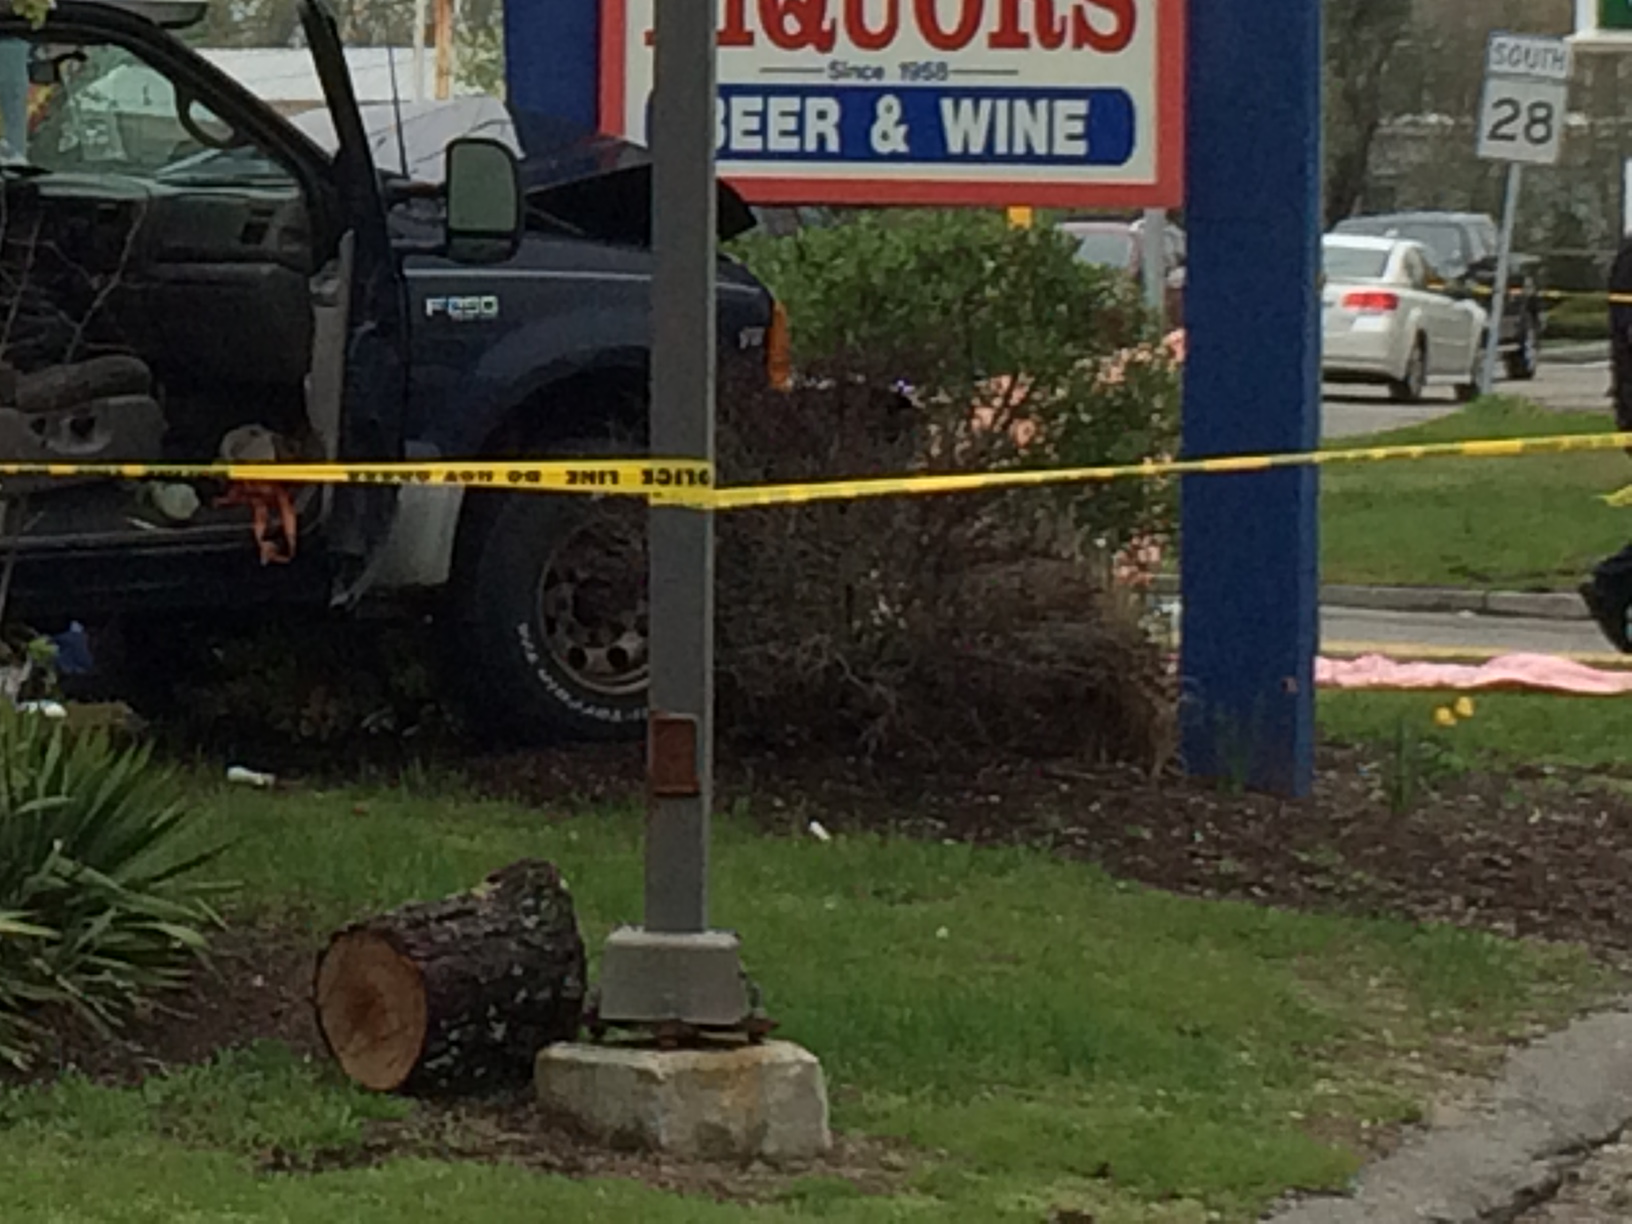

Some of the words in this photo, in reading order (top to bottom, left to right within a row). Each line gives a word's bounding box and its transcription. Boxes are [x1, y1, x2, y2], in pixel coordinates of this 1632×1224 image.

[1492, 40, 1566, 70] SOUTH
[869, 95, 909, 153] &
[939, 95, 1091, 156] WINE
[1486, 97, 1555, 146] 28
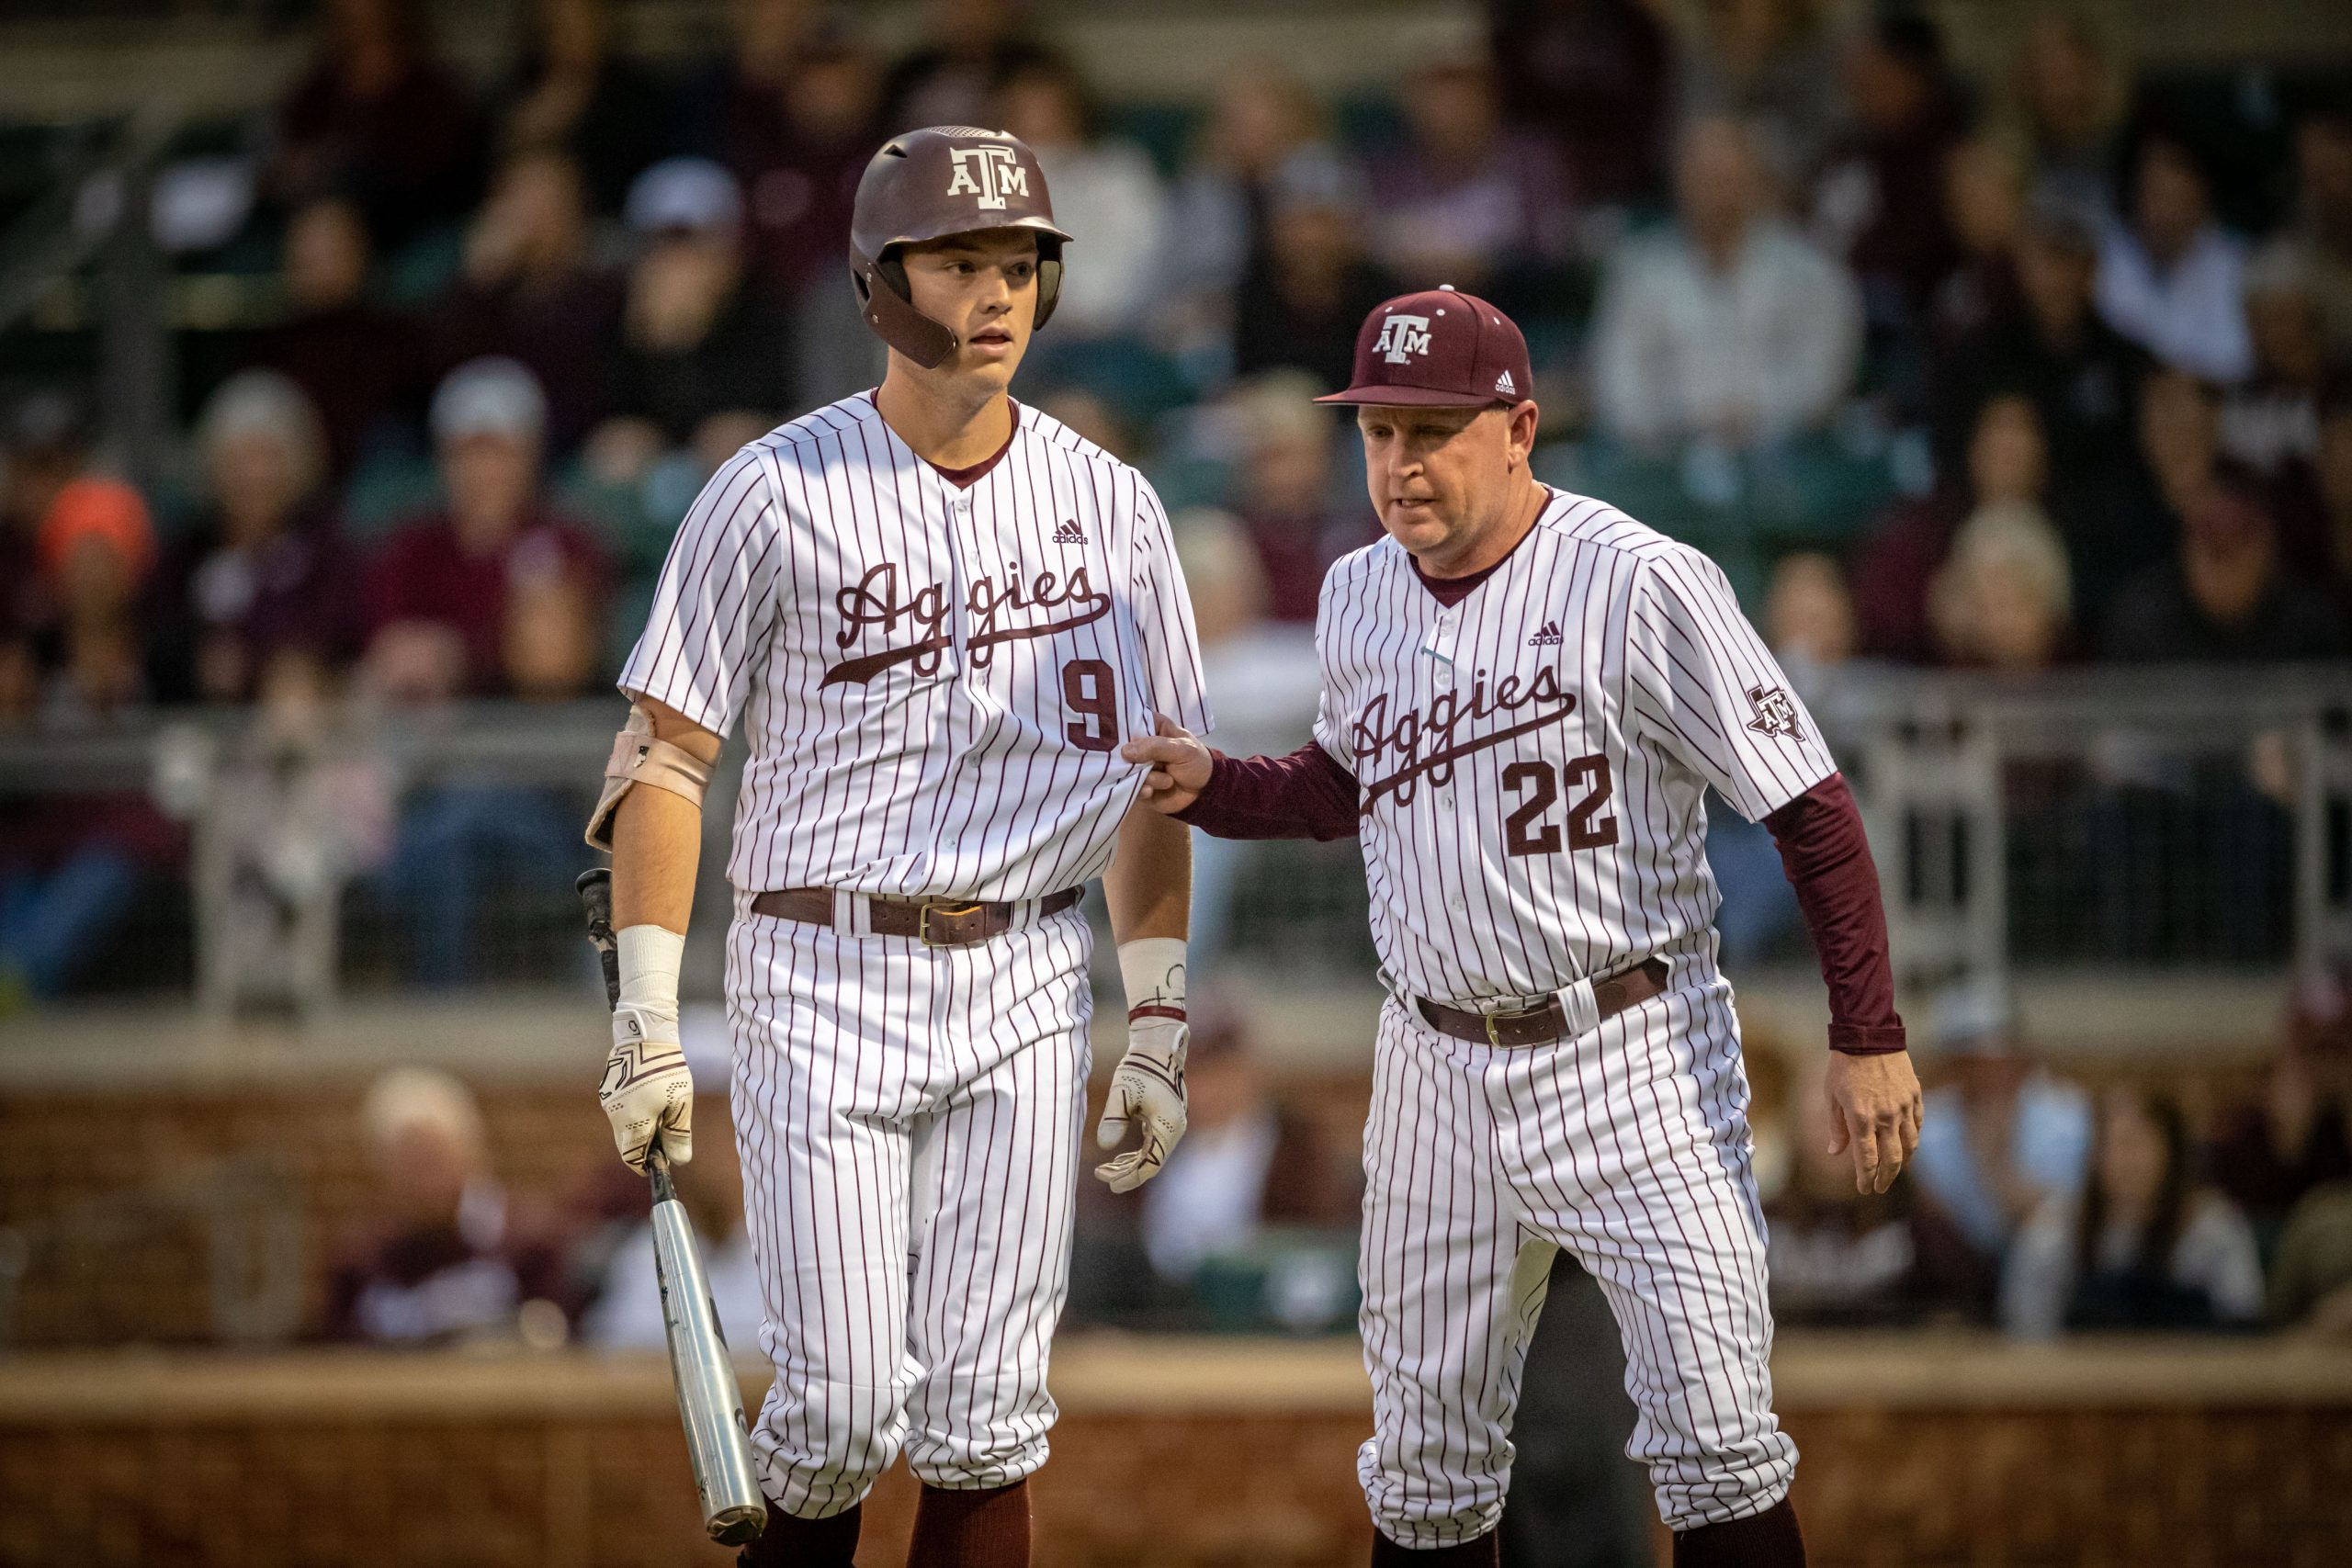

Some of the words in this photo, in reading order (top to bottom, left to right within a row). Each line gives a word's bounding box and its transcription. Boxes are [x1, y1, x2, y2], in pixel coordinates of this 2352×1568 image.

TASK PROMPT
Repeat exactly, please: transcribe each entry and leave out the pictures.

EXERCISE RESULT
Some of the words in this photo, in reading order (top to bottom, left to right within a row). Each line gives a word's bounding box and its transcription. Boxes are [x1, y1, x2, y2], in pixel coordinates of this 1632×1224 image.

[1492, 40, 1566, 70] SOUTH
[869, 95, 909, 153] &
[939, 95, 1091, 156] WINE
[1486, 97, 1555, 146] 28

Some of the words in this photo, in reading order (top to bottom, left to right within a row). Each line gives a word's bounding box and its transcription. Boxes are [x1, y1, x2, y2], in pixel coordinates of this 2352×1568 image.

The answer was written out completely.